## Records for the task
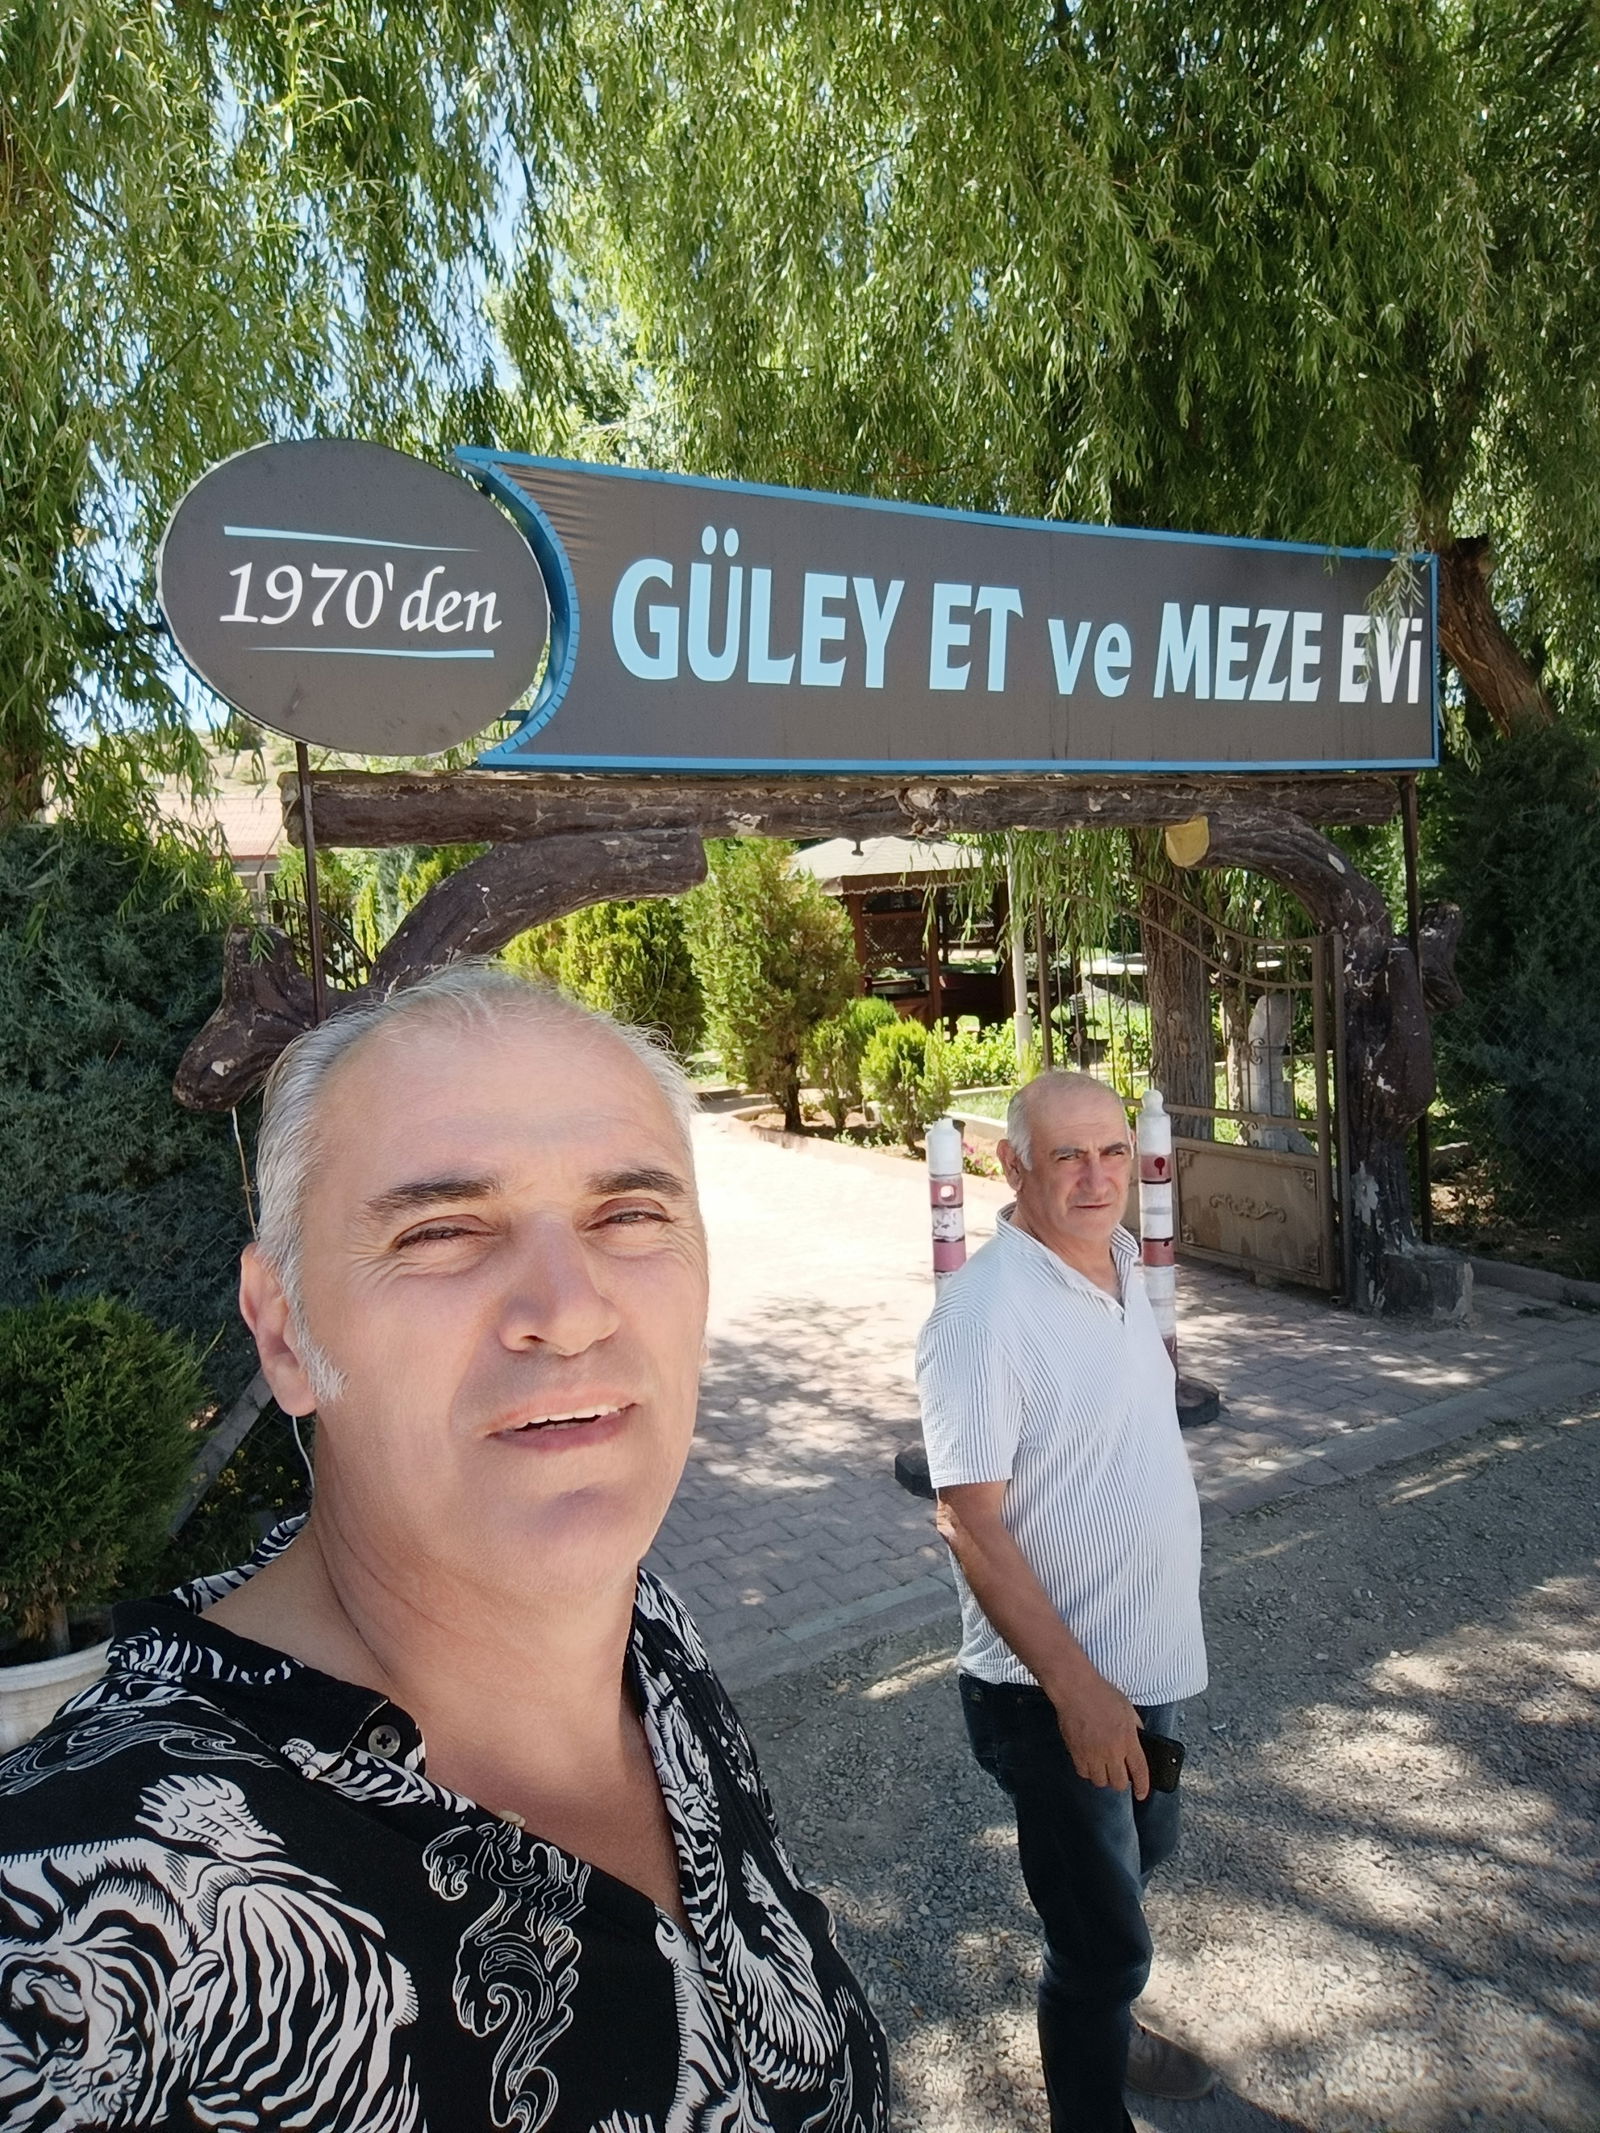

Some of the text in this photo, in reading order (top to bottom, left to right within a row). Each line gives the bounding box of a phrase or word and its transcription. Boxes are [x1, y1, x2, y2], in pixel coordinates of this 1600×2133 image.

[218, 561, 503, 635] 1970'den
[612, 525, 905, 690] GÜLEY
[929, 582, 1024, 693] ET
[1047, 618, 1133, 698] ve
[1153, 602, 1323, 703] MEZE

## What you will do
Leave out the pictures and give the rest of the material again, unaltered.

## Exercise answer
Some of the text in this photo, in reading order (top to bottom, left to right within a row). Each line gives the bounding box of a phrase or word and its transcription. Boxes are [x1, y1, x2, y2], in pixel coordinates of this 1600×2133 image.

[218, 561, 503, 635] 1970'den
[612, 525, 905, 690] GÜLEY
[929, 582, 1024, 693] ET
[1047, 618, 1133, 698] ve
[1153, 602, 1323, 703] MEZE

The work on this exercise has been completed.